津脇:そうですね。医療系のスタートアップもVCも結構集まっていますし、そういう関係の方が集まるイベントに参加してもらうために今回のプログラムの滞在日程を少し早めたというのもあります。
角:すごいな〜!そこまで調整してくれてるんですね。そして最後は3都市目、オースティンについて教えてください。
シリコンバレー初期と同様の特徴を有するオースティン
津脇:オースティンといえばSXSW/サウス・バイ・サウスウエストの町。まさに「テック✕音楽」という感じです。シリコンバレーのようにだんだん地価が上がってきています。人口も海岸側からどんどん流入してきていて、特にコロナでそれが加速したんです。
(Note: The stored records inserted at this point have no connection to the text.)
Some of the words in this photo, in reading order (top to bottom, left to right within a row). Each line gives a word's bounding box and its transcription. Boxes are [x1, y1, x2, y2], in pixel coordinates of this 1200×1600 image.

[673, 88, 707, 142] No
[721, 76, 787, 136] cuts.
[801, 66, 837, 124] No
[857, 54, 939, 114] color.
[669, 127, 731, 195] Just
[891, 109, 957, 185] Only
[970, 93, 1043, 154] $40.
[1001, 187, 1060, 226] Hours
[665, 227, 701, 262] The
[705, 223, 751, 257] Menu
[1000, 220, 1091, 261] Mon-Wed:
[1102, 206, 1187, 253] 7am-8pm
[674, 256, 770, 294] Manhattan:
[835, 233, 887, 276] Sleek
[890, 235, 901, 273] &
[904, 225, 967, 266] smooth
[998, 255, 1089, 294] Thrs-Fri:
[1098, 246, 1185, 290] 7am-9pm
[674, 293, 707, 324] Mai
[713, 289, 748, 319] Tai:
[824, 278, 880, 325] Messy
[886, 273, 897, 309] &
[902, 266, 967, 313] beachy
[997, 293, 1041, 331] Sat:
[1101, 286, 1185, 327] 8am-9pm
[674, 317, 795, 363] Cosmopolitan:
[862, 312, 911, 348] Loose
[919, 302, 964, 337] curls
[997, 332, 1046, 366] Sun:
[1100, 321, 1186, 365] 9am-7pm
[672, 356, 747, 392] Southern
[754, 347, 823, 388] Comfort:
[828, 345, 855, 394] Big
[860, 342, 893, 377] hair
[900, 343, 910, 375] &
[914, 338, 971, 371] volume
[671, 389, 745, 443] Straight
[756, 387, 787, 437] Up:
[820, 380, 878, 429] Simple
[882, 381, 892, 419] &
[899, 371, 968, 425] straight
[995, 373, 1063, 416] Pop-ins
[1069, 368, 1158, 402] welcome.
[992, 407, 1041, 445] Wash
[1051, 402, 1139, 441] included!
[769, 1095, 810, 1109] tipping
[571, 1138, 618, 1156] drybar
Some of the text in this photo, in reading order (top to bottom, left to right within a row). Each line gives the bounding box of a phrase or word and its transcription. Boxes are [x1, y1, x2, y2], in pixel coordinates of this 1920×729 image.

住民の平均年齢は35 才くらいなんですよ。
角:たしか2022年の日本の平均年齢が48才くらいなので、すごく若く感じますね。
津脇:そうですね。たくさんの若者が集まってきています。すごく先進的で面白い街です。
角:あと、シリコンバレーから移った会社も多いんですよね。
津脇:おっしゃる通りです。日本はまだ現地でネットワークを十分に構築できてないんです。だからこそ、今からシリコンバレーにアプローチするよりも、オースティンが「日本と仲良くしたい」と思っているこのタイミングでいっしょに次のエコシステムを作って行きませんかという感じです。
角:えー、それは一番良いじゃないですか!
津脇:そうですよね。サンディエゴとロサンゼルスって日本語で生きていけるぐらい日本人がそれなりにいるのでやっていきやすいんですよ。で、オースティンはそこまで日本人がいないので頑張らないといけないんですけど、逆に言えばみんな仲良くなりやすいですし、ポテンシャルは非常に高い場所なんです。
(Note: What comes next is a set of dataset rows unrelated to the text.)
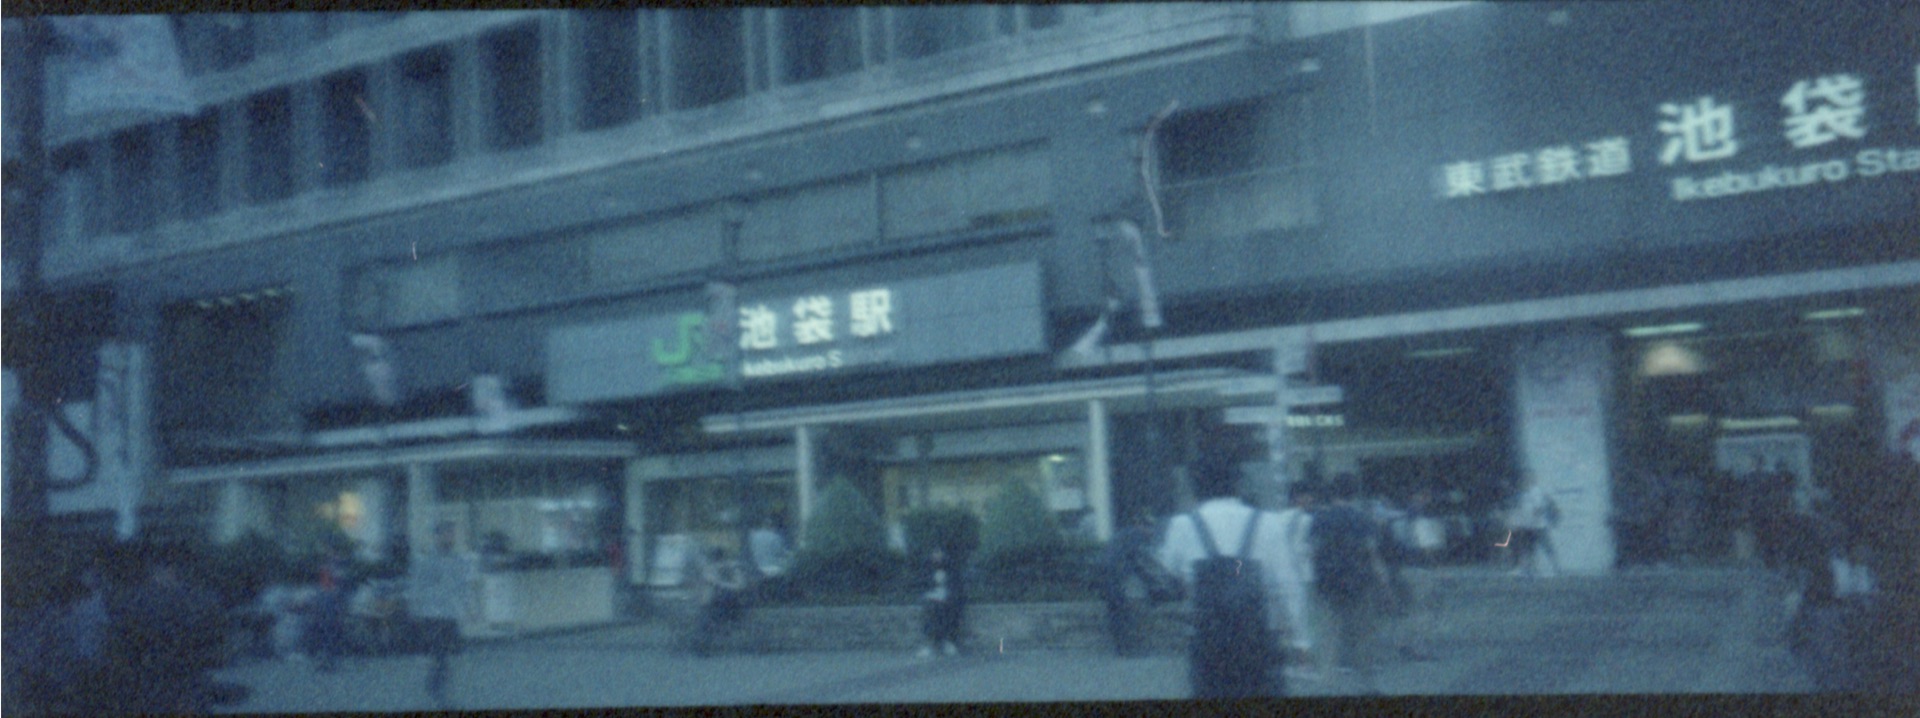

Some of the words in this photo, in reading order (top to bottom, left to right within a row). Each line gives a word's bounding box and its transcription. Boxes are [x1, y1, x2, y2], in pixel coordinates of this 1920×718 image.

[1444, 138, 1631, 197] 東武鉄道
[1672, 159, 1848, 201] Ikebukuro
[739, 288, 893, 350] 池袋駅
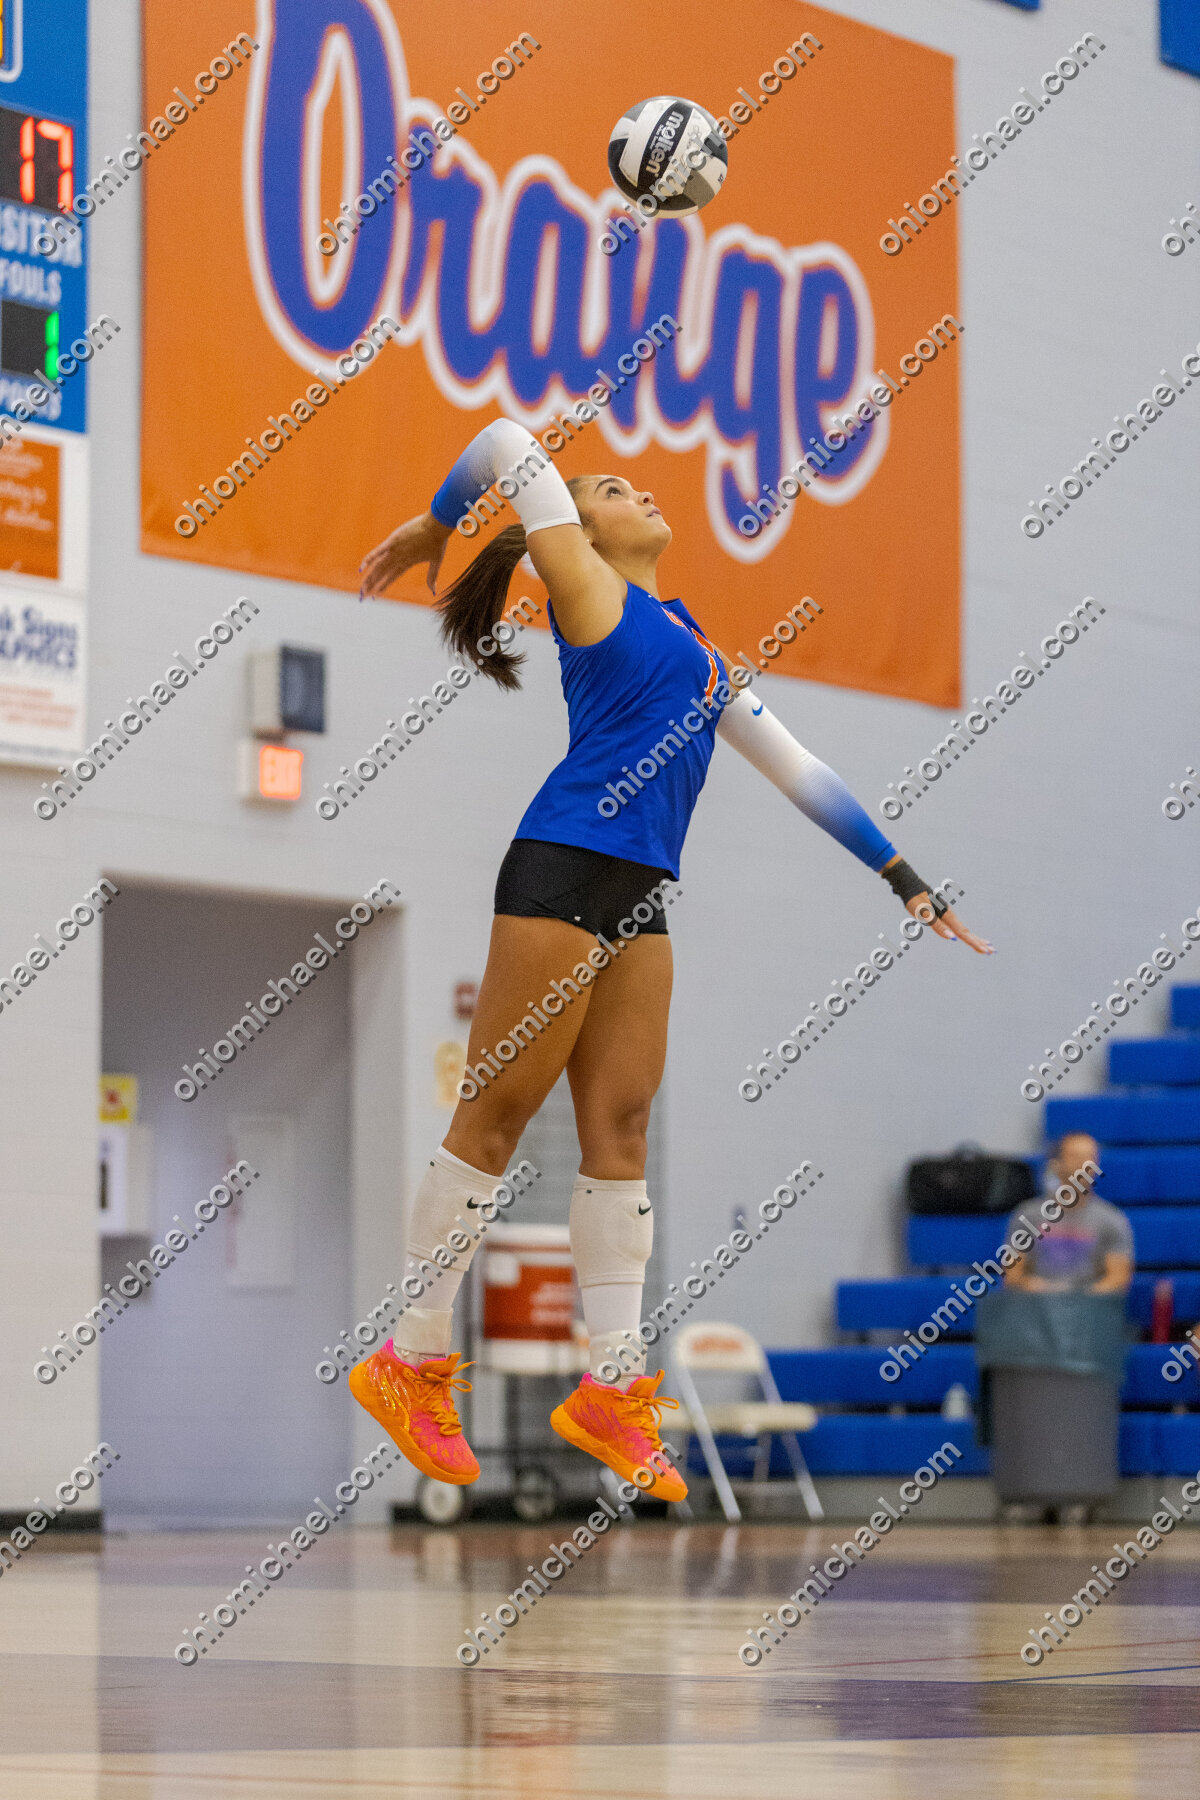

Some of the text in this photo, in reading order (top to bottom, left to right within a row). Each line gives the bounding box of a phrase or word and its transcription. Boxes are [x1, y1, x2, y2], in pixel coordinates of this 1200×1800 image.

[20, 116, 73, 214] 17
[645, 111, 684, 175] molten
[243, 0, 889, 561] Orange
[44, 311, 59, 380] 1
日本国内から飛び出して仕事をしたい方は、Beyond JAPANへ!
角:ロサンゼルス・サンディエゴ・オースティン、それぞれ全く異なった魅力があるんですね。では、最後に、どういう人に来てほしいかをお伺いしてよろしいでしょうか?
津脇:Beyond JAPANという名前にも込めたんですが、「日本国内からちょっとでも飛び出そう」という思いがある方のお手伝いしたいなと思っています。現時点では60名の方に米国に行っていただけるように準備をしています。
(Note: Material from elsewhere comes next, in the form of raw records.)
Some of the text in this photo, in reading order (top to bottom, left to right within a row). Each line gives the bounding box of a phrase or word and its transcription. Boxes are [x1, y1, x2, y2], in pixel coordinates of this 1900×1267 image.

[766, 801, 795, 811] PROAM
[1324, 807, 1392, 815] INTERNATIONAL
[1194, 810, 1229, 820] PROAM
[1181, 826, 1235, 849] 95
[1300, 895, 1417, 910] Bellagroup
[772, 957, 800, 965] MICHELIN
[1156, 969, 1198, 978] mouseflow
角:素晴らしいです。しかも、なんと、渡航費・宿泊費・プログラム費が全て無料!?
津脇:通販番組みたいになってる(笑)。でも、本当にたくさんの人にご参加いただきたいです。2023年7月10日から募集開始いたしますので、ご応募お待ちしています!
角:津脇さん、日本滞在中のお忙しい中、インタビューをお受けいただきありがとうございました!